(MATERIAL SUPPLIED Opens)

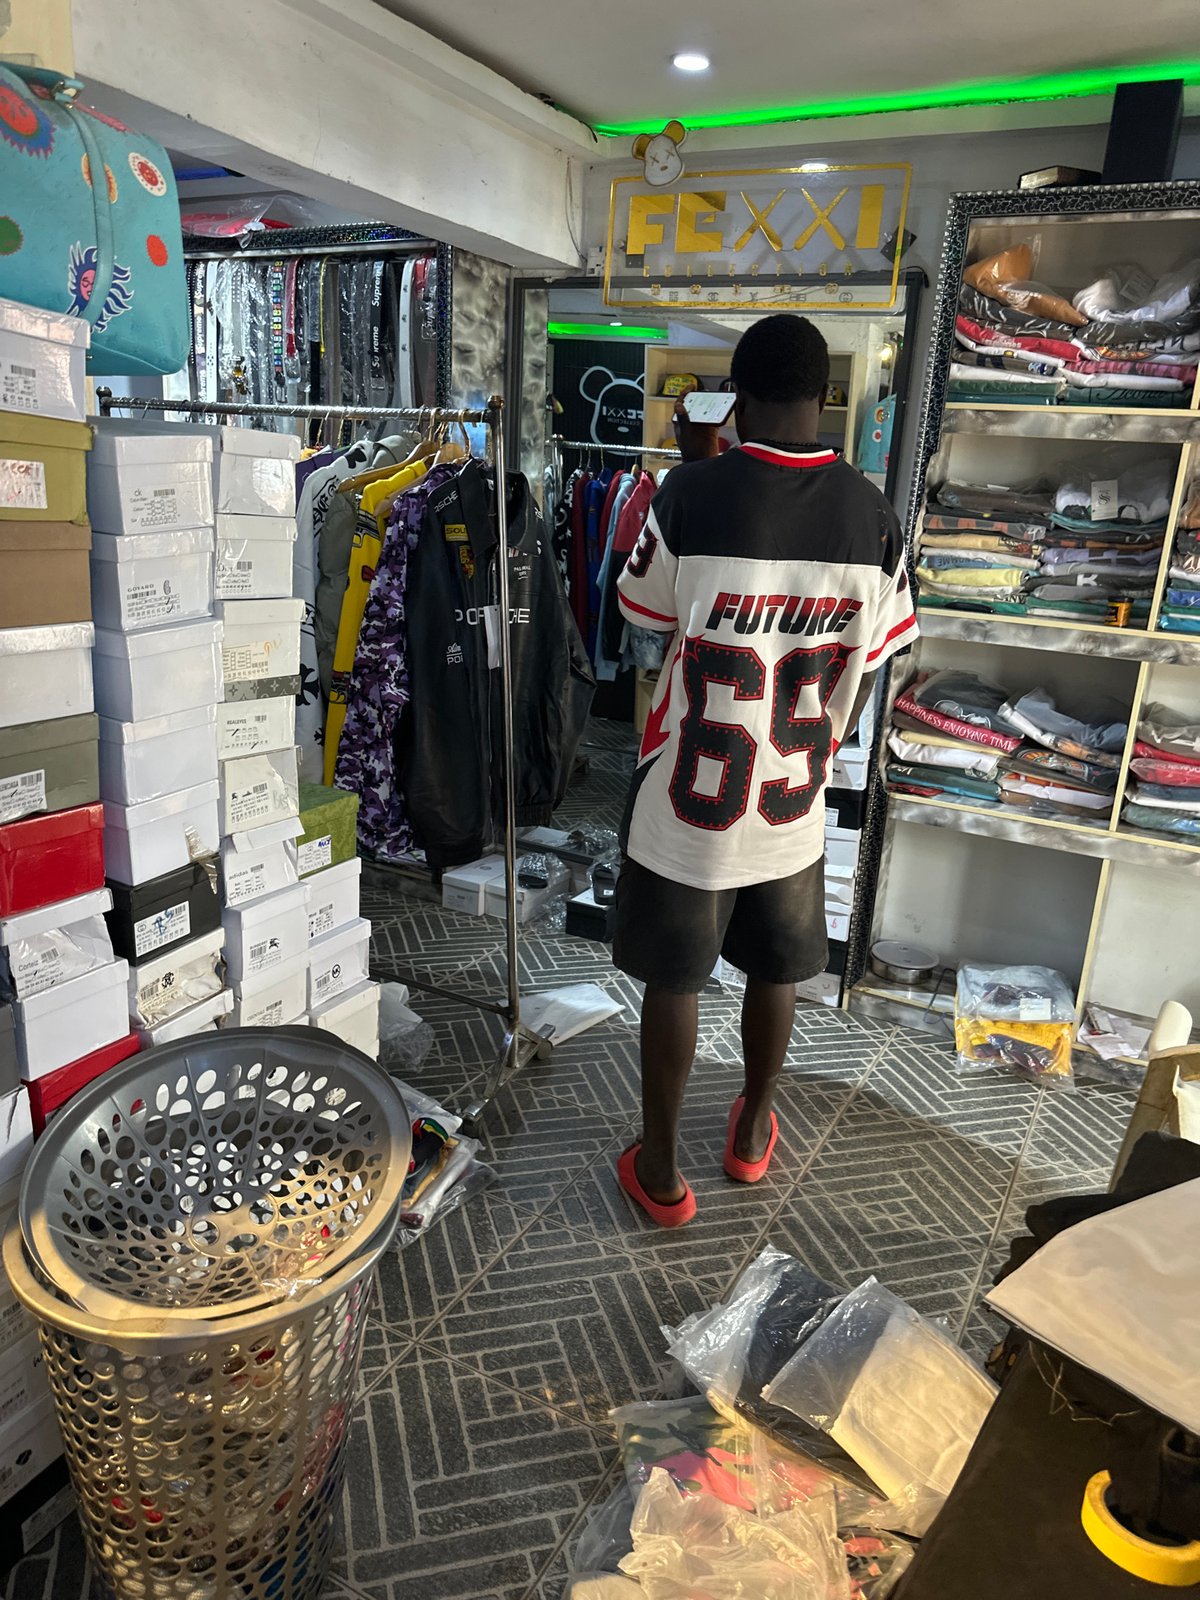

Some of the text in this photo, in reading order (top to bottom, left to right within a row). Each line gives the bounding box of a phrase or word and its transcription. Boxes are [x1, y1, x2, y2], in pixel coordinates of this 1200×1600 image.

[626, 184, 885, 255] FEXXI
[643, 262, 853, 278] COLLECTION
[371, 326, 381, 368] Sureme
[127, 584, 154, 593] GOYARD
[705, 592, 863, 636] FUTURE
[446, 655, 464, 666] PO
[668, 632, 861, 831] 69
[897, 698, 942, 727] HAPPINESS
[942, 721, 987, 744] ENJOYING
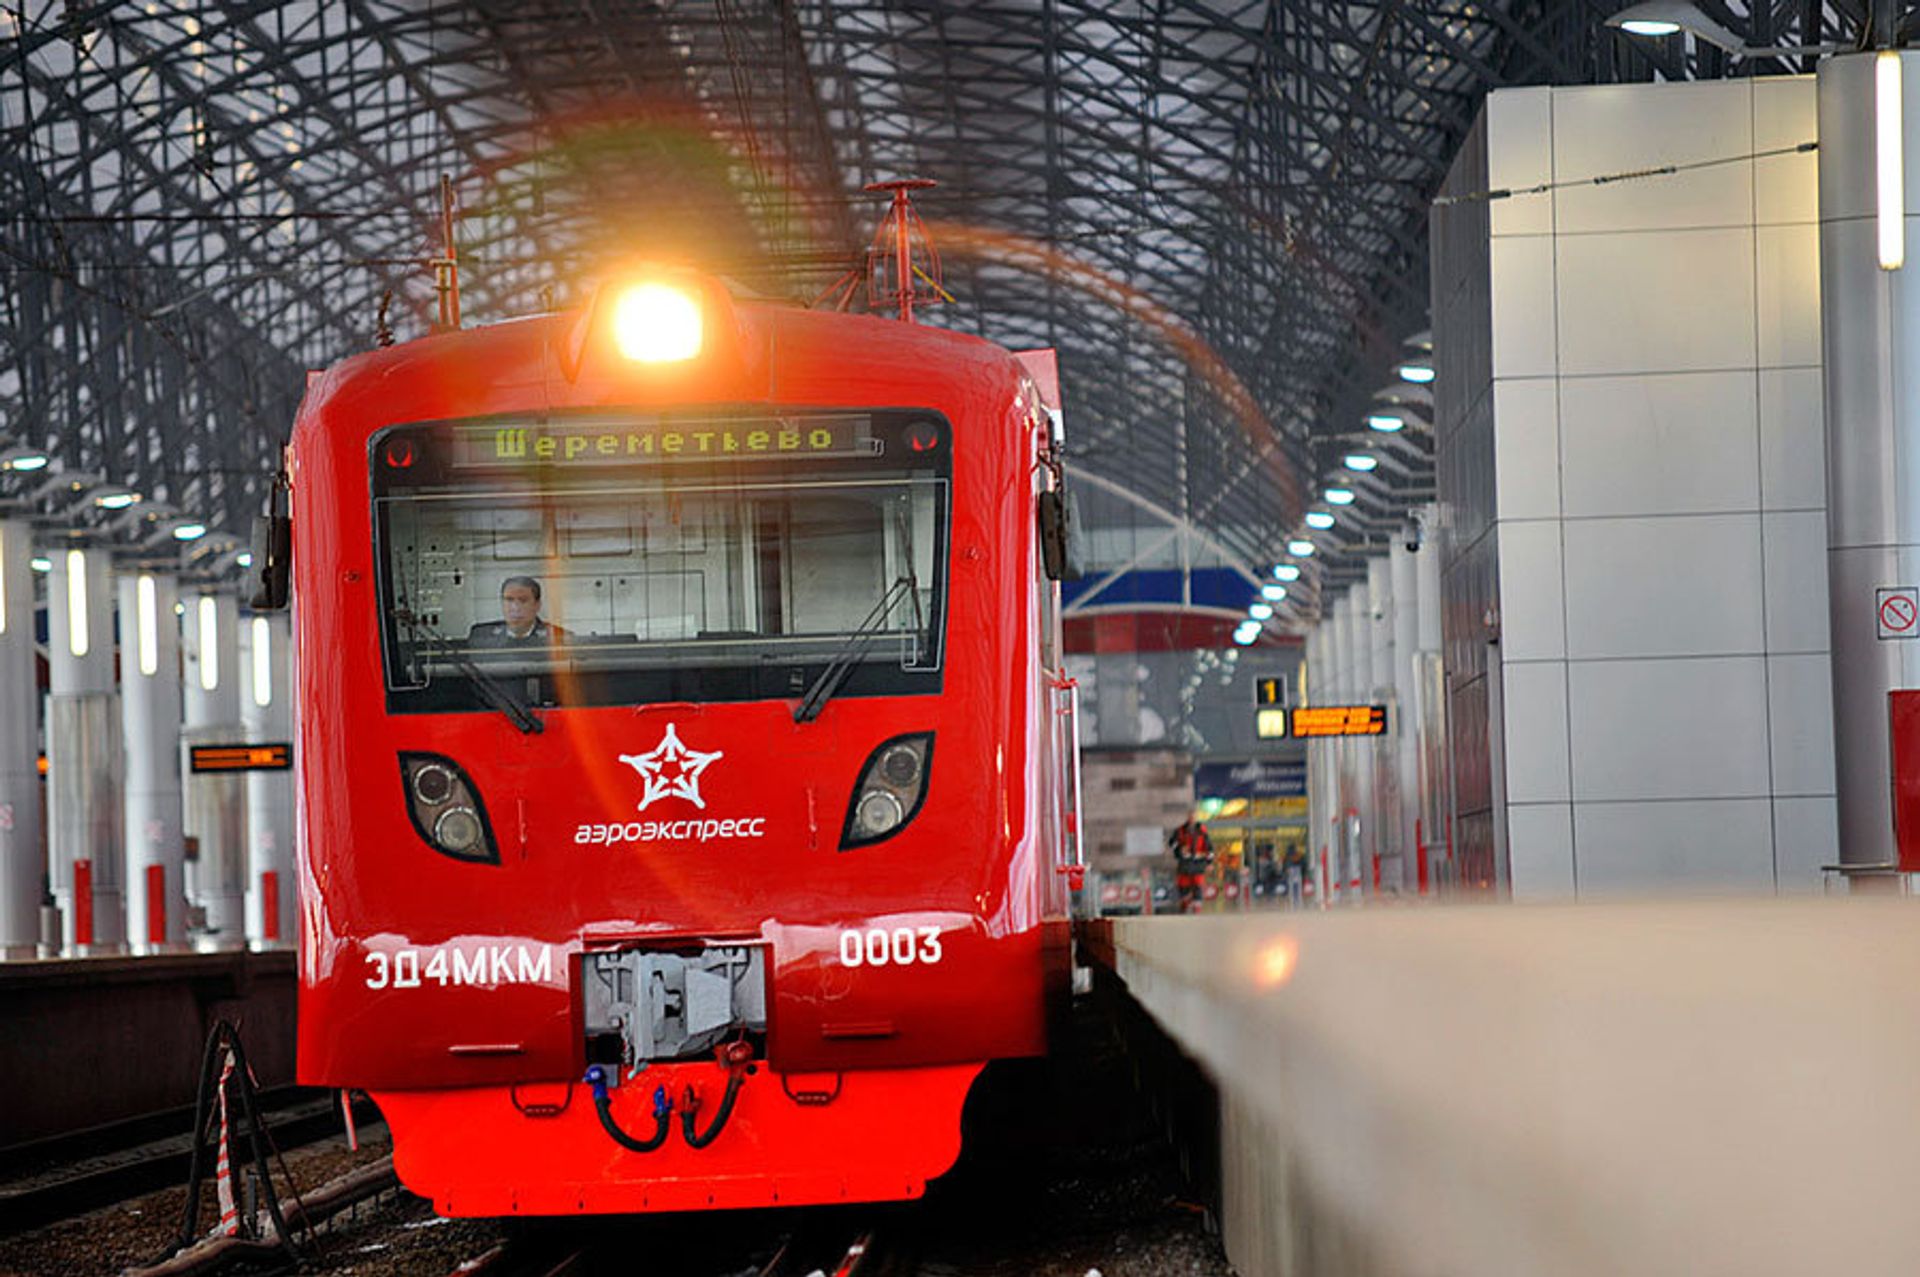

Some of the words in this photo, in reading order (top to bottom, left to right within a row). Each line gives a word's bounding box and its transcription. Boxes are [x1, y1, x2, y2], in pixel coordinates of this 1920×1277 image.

[495, 428, 832, 458] Шереметьево
[1264, 679, 1276, 704] 1
[574, 817, 765, 846] аэроэкспресс
[364, 945, 553, 989] ЭД4МКМ
[839, 927, 942, 967] 0003
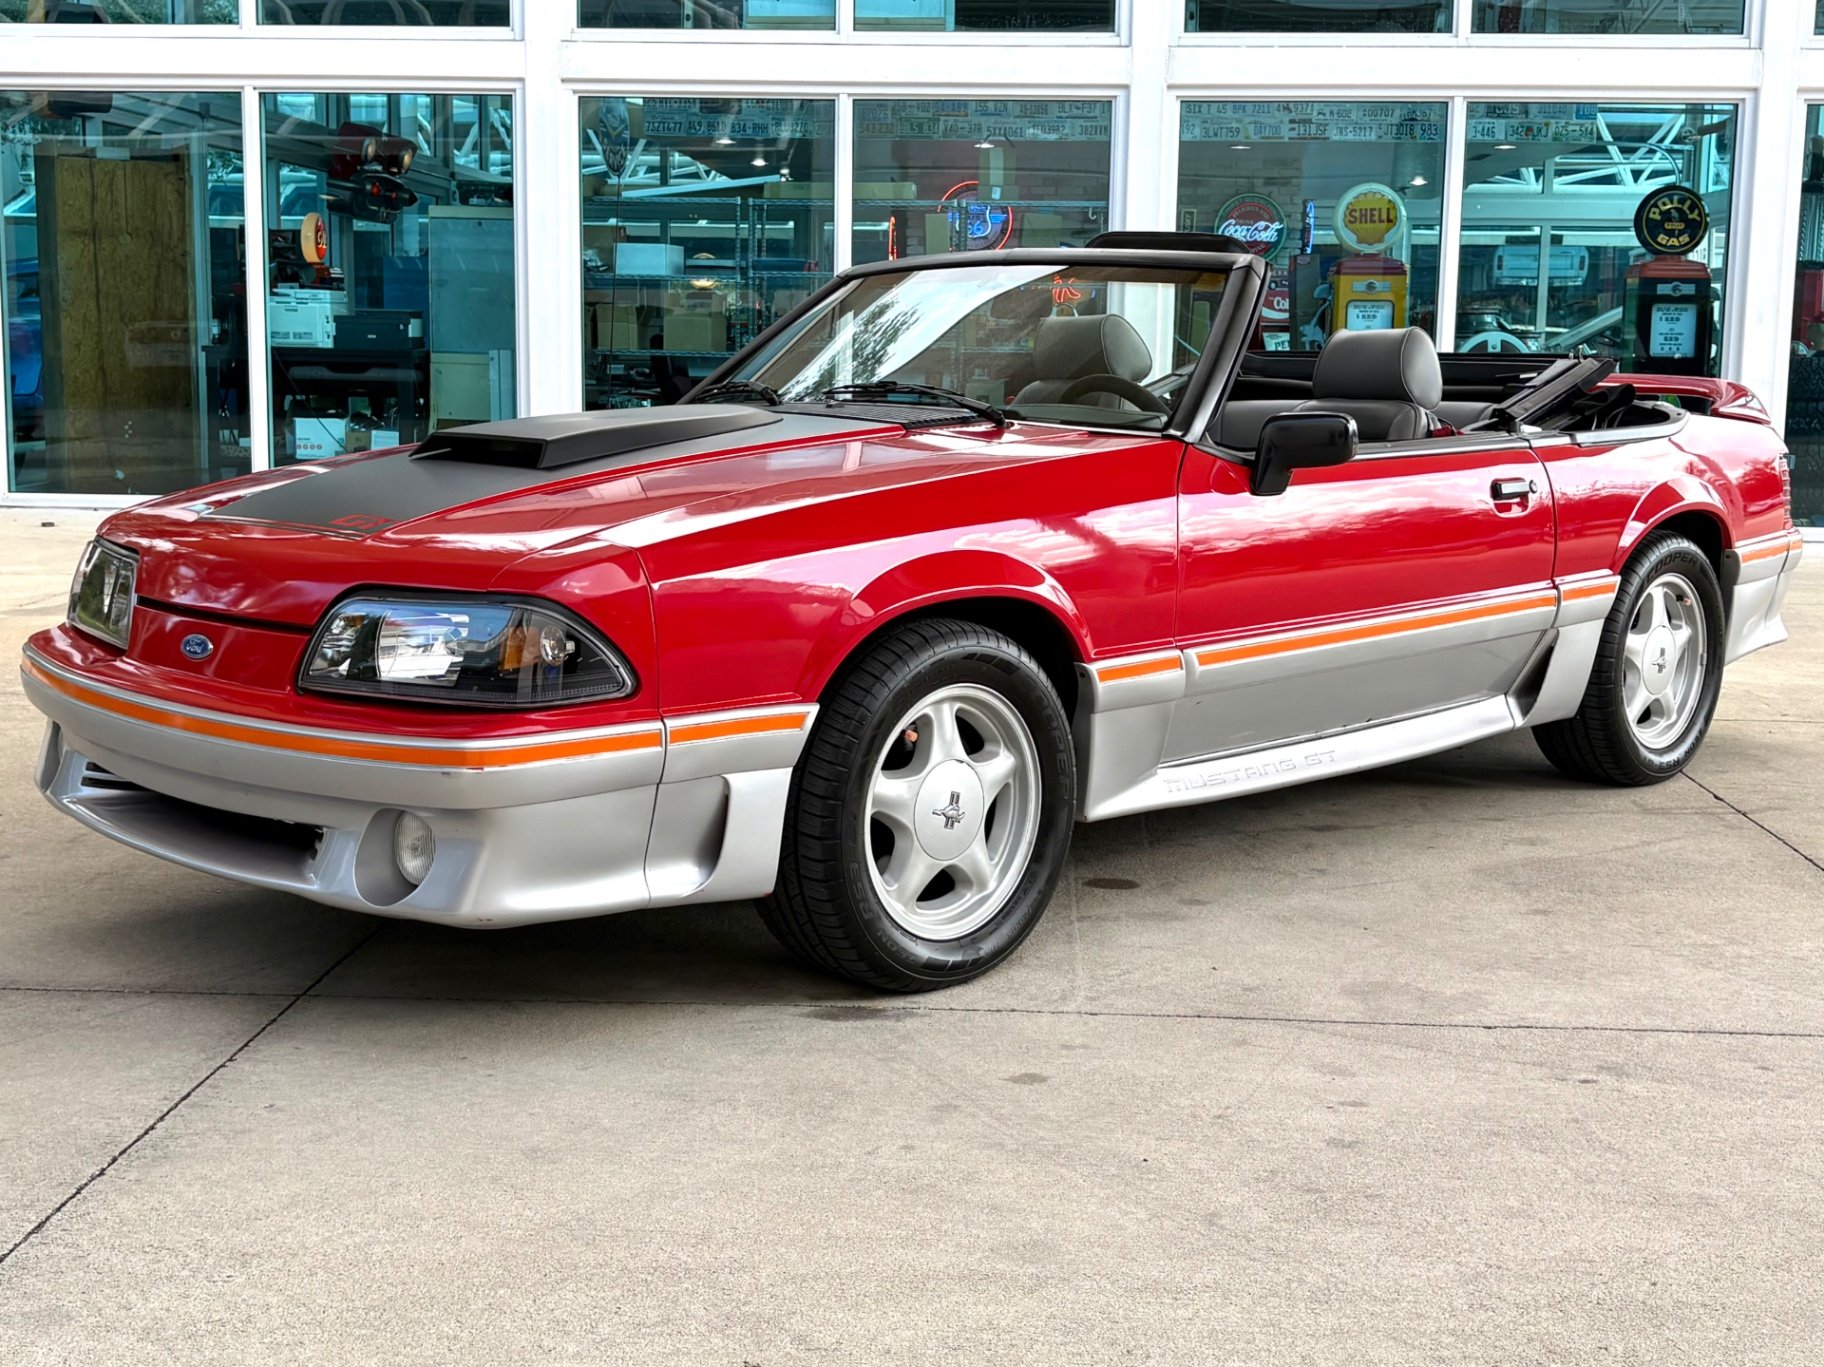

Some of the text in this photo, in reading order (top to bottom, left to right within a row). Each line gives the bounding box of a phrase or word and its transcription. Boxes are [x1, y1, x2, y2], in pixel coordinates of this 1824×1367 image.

[1348, 208, 1394, 225] SHELL
[1649, 195, 1701, 222] POLLY
[1218, 219, 1284, 242] Coca-Cola
[1657, 233, 1690, 247] GAS
[186, 638, 206, 653] Ford
[1164, 750, 1336, 793] MUSTANG GT

(MATERIAL SUPPLIED Closes)

Nothing but the lines from the one with "this 1824×1367 image." through the final line of the records above should appear, each copied exactly.

◆ REPLY
Some of the text in this photo, in reading order (top to bottom, left to right within a row). Each line gives the bounding box of a phrase or word and its transcription. Boxes are [x1, y1, x2, y2], in pixel coordinates of this 1824×1367 image.

[1348, 208, 1394, 225] SHELL
[1649, 195, 1701, 222] POLLY
[1218, 219, 1284, 242] Coca-Cola
[1657, 233, 1690, 247] GAS
[186, 638, 206, 653] Ford
[1164, 750, 1336, 793] MUSTANG GT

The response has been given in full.